First you will need to load the data set from the module tensorflow_datasets. 1

We have heard of some troubles with this data set and Windows. In case you encounter error messages when loading the data set when running it on your own machine, please consider switching to Colab. (Or trying a dual boot Ubuntu option. If none of that is an option for you, we recommend you working together with group mates who can load the data set.)

Then we will need some preparations on the data:

Take out a bunch of examples for our network. The whole dataset contains 1 million training examples and $100.000$ test examples. It will be sufficient to use $100.000$ examples for training and 1000 for testing. (If you are not sure what is the purpose of having a training and testing data set, check the chapter 'Data and Data Pipelines' on Courseware Week 03 again. But we will also talk about that next week in more detail.)

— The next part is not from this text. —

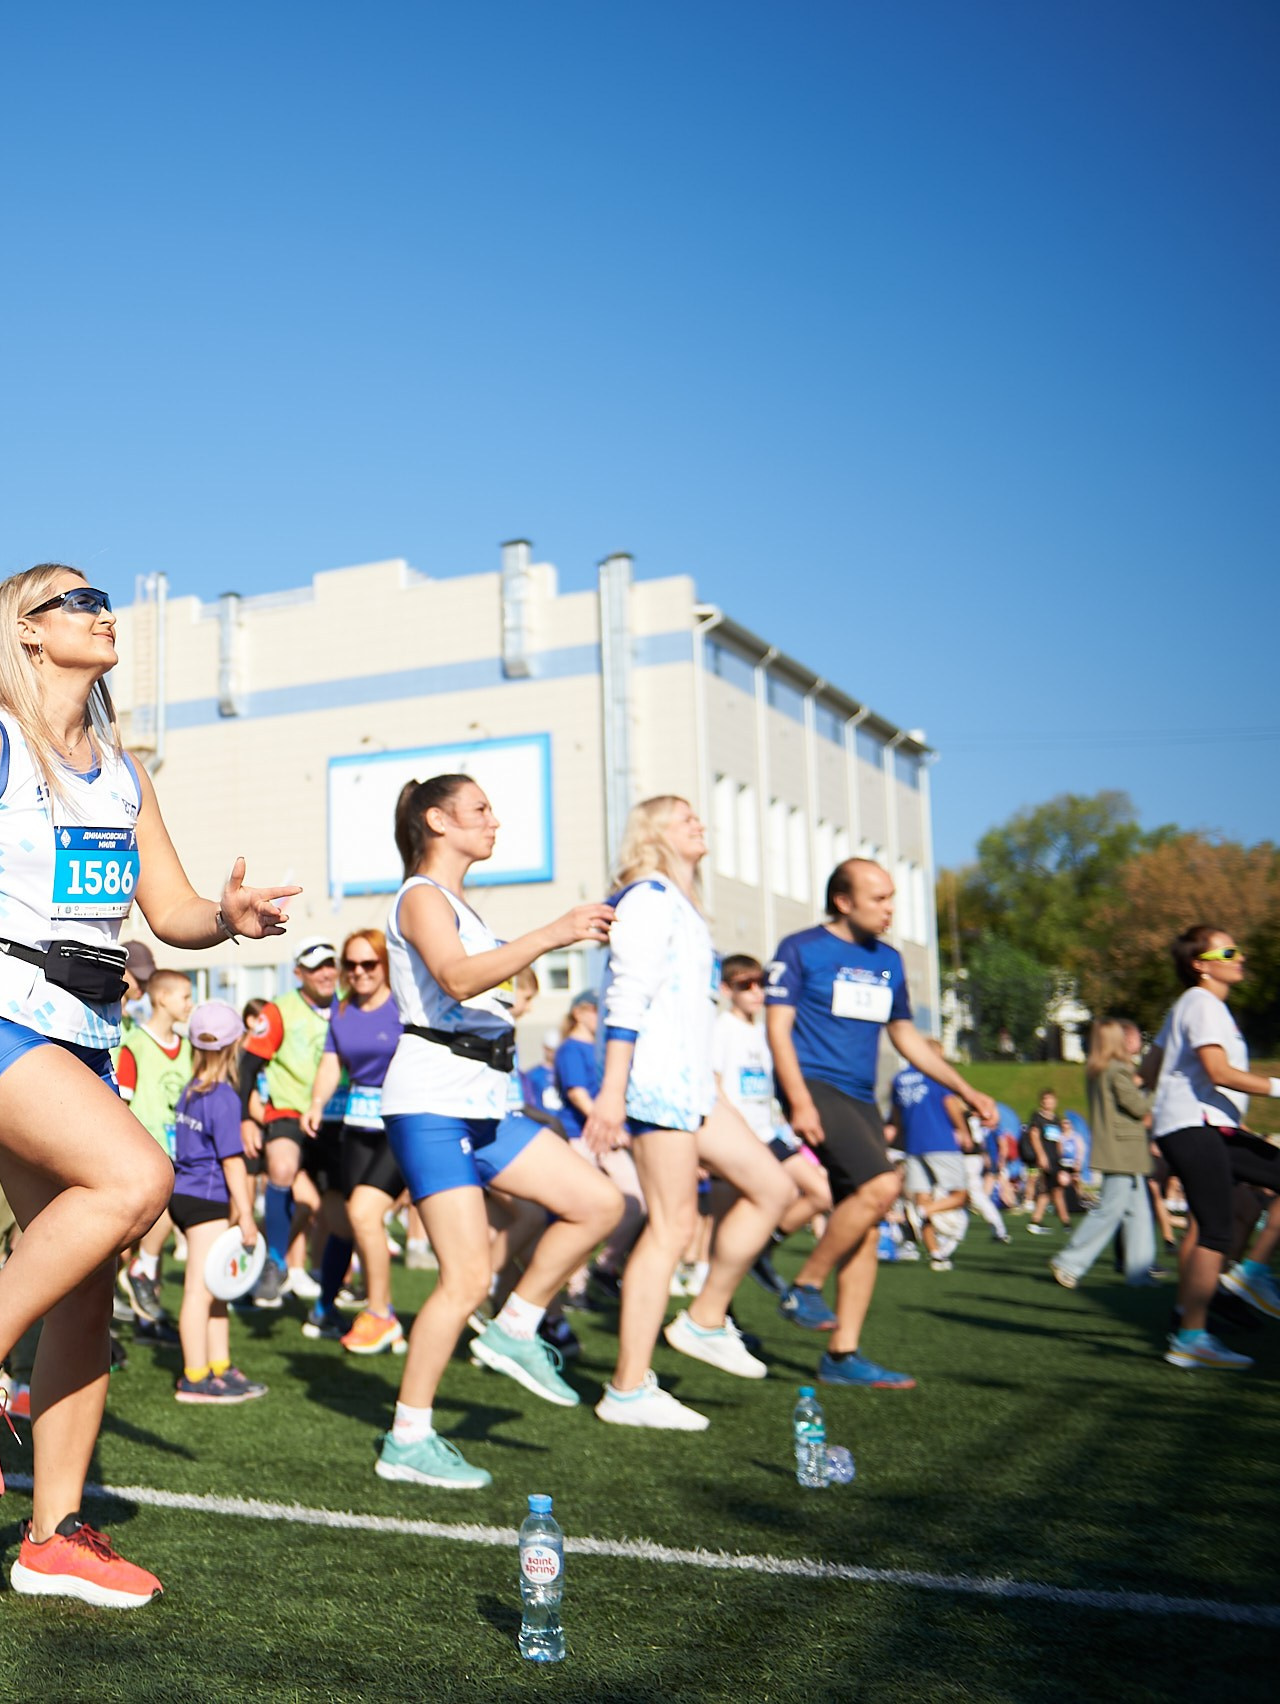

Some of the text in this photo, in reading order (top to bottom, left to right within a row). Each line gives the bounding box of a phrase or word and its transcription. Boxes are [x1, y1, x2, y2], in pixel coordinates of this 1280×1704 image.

The genomic sequences come as string-tensor which are not so handy to work with. Instead, we would like to have the genomic sequence with one-hot-vectors for encoding the nucleotides $(\mathrm{A}, \mathrm{C}, \mathrm{G}, \mathrm{T})$. But because the sequences are string tensors, we cannot simply call tf. one_hot $(x, 4)$ on them. Therefore we need a function which converts the string tensor into a usable tensor that contains the one-hot-encoded sequence. You can try to build this function yourself (which might potentially be tricky, but we will give you some instructions in the hints $^{2}$ ). Otherwise we also provide it for you in the end of the document. Also apply one-hot-encoding on the labels. (Keep in mind that they have a different shape than the input data.) $^{3}$

For an outstanding we would like to see you using an input pipeline, including batching and (ideally) prefetching, but otherwise you can also do it without one.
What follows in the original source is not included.